## Exercise details
Print the records exactly and in full, please; the pictures stay out.

::::::::::

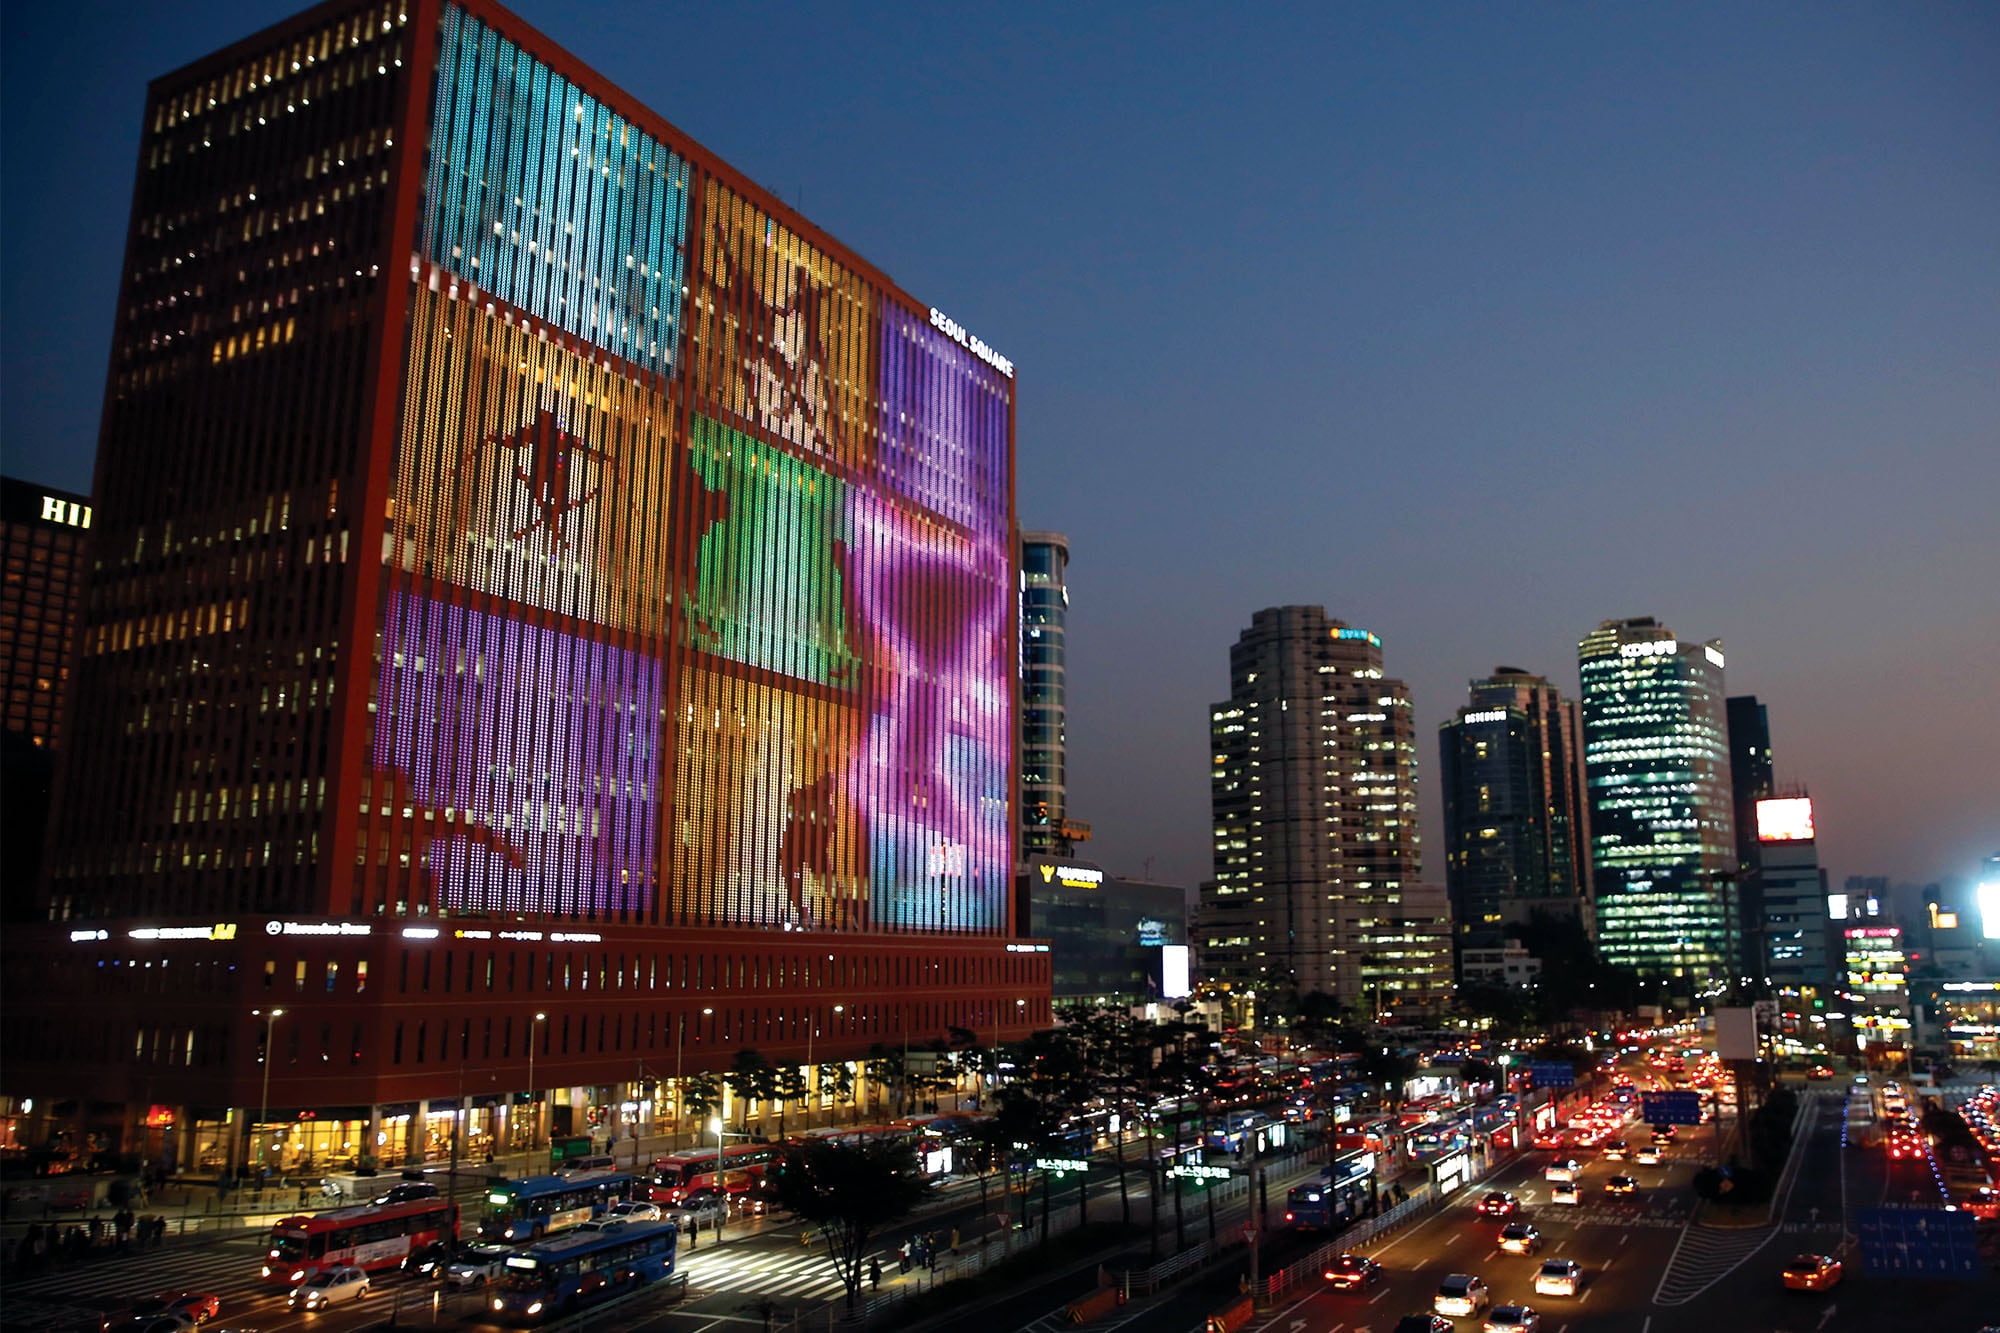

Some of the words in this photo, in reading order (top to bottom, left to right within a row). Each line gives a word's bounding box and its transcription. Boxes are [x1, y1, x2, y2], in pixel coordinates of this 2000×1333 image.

[929, 307, 969, 348] SEOUL
[969, 335, 1014, 379] SQUARE
[1257, 1132, 1266, 1153] 6
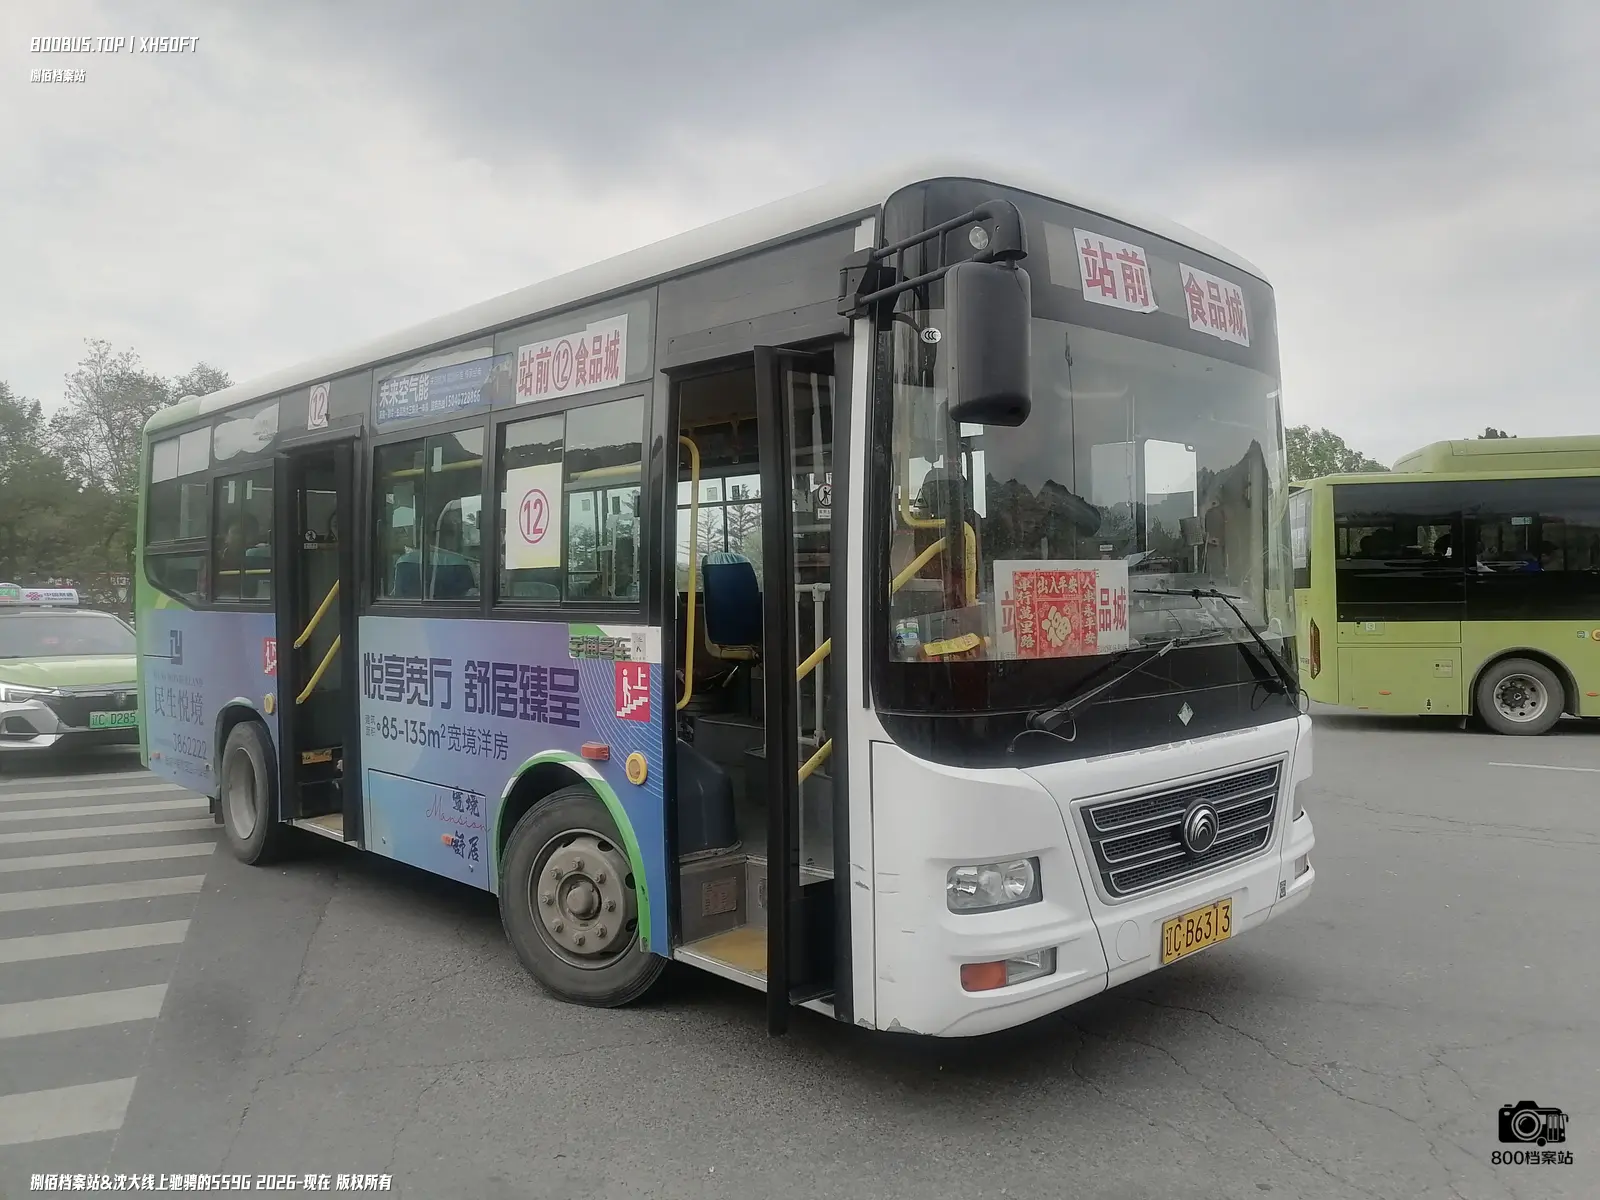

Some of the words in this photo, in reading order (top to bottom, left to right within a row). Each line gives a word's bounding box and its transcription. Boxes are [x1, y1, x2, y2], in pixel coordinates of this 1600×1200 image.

[1080, 237, 1150, 307] 站前
[1182, 271, 1248, 341] 食品城
[1037, 576, 1079, 595] 出入平安
[1041, 605, 1073, 648] 福
[363, 652, 453, 710] 悦享宽厅
[464, 660, 581, 728] 舒居臻呈
[632, 666, 648, 690] 上
[110, 712, 138, 725] D285
[154, 686, 204, 726] 民生悦境
[426, 793, 491, 833] Mansion
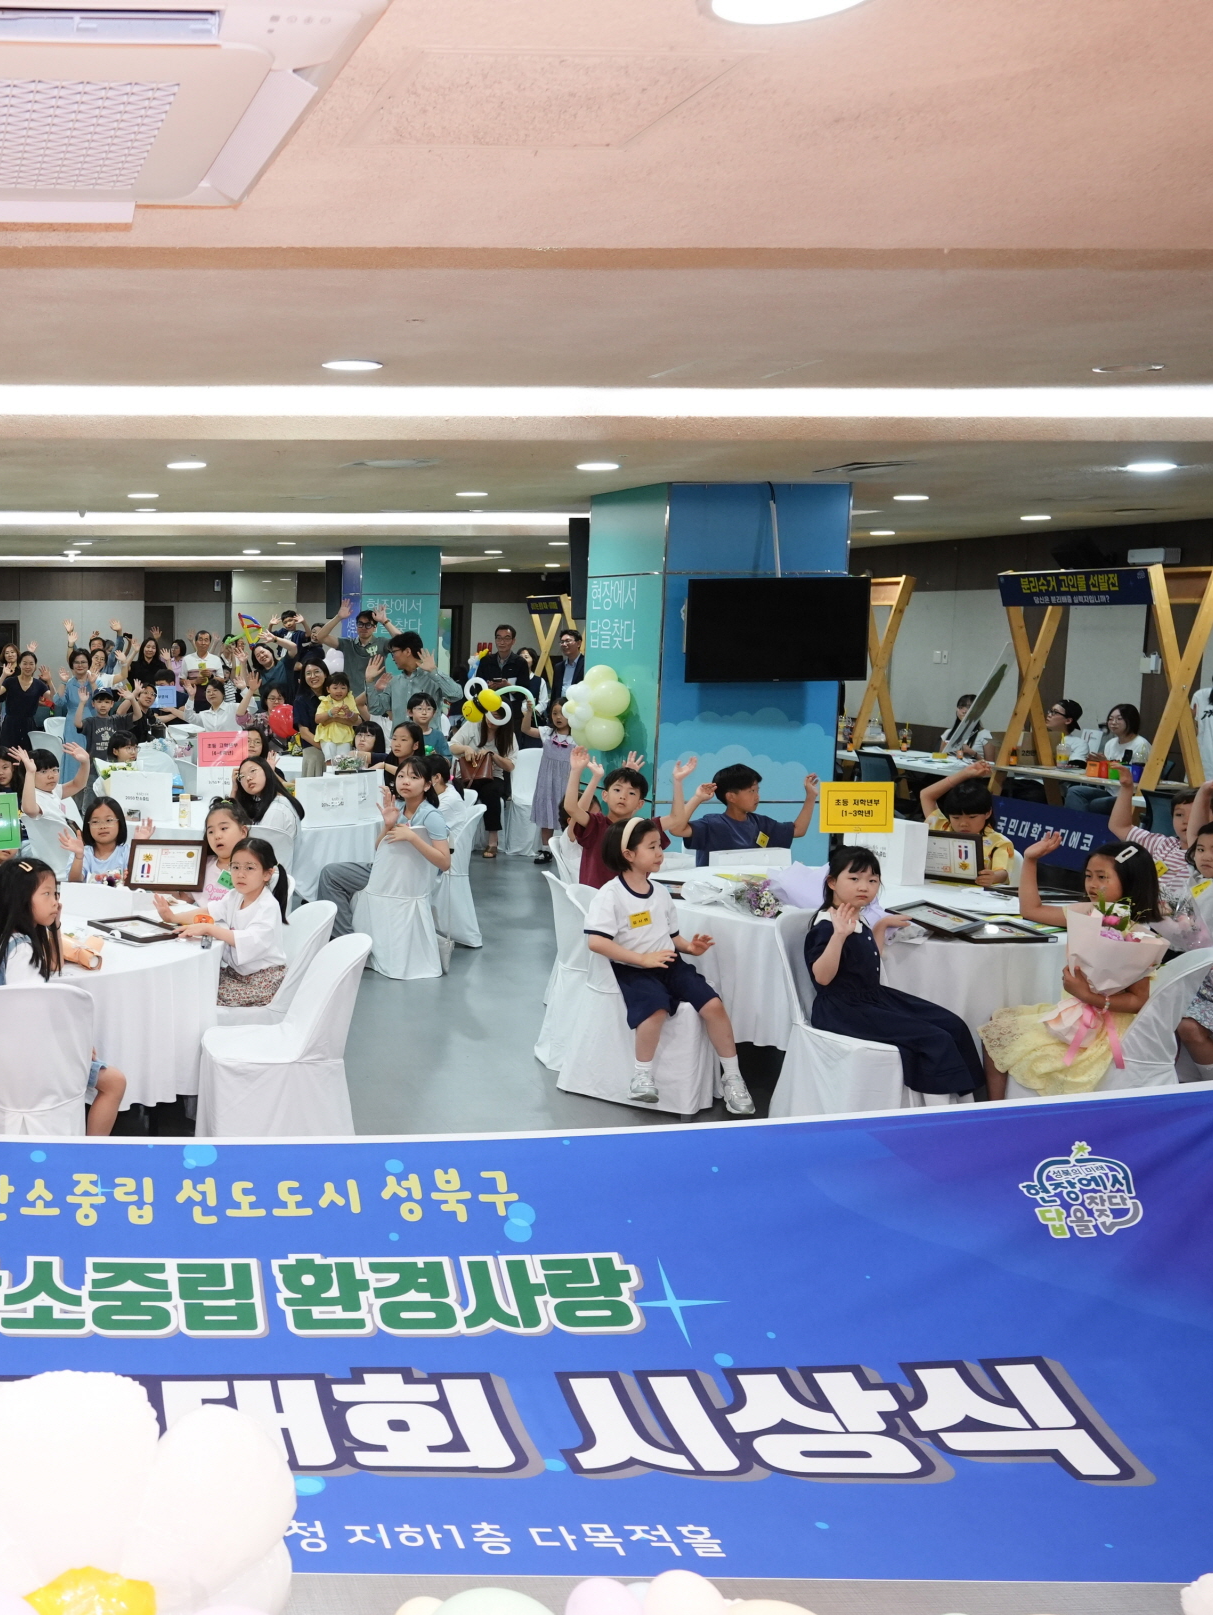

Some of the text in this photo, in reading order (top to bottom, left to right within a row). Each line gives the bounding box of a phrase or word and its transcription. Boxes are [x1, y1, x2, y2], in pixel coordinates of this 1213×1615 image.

::::::::::

## Your solution
Some of the words in this photo, in reading order (top to bottom, left to right within a row). Each line gives a word's bounding box and its transcription. Boxes are [x1, y1, x2, y2], in pixel coordinates of this 2000×1333 image.

[929, 307, 969, 348] SEOUL
[969, 335, 1014, 379] SQUARE
[1257, 1132, 1266, 1153] 6

Some of the words in this photo, in reading order (top to bottom, left to right within a row). Each line gives a word's bounding box and its transcription. Boxes are [x1, y1, x2, y2], in pixel coordinates of this 1600×1200 image.

[1080, 237, 1150, 307] 站前
[1182, 271, 1248, 341] 食品城
[1037, 576, 1079, 595] 出入平安
[1041, 605, 1073, 648] 福
[363, 652, 453, 710] 悦享宽厅
[464, 660, 581, 728] 舒居臻呈
[632, 666, 648, 690] 上
[110, 712, 138, 725] D285
[154, 686, 204, 726] 民生悦境
[426, 793, 491, 833] Mansion

Some of the text in this photo, in reading order (top to bottom, left to right within a row). Each line gives the bounding box of a phrase or word and its transcription. Boxes are [x1, y1, x2, y2], in pixel coordinates of this 1213×1615 image.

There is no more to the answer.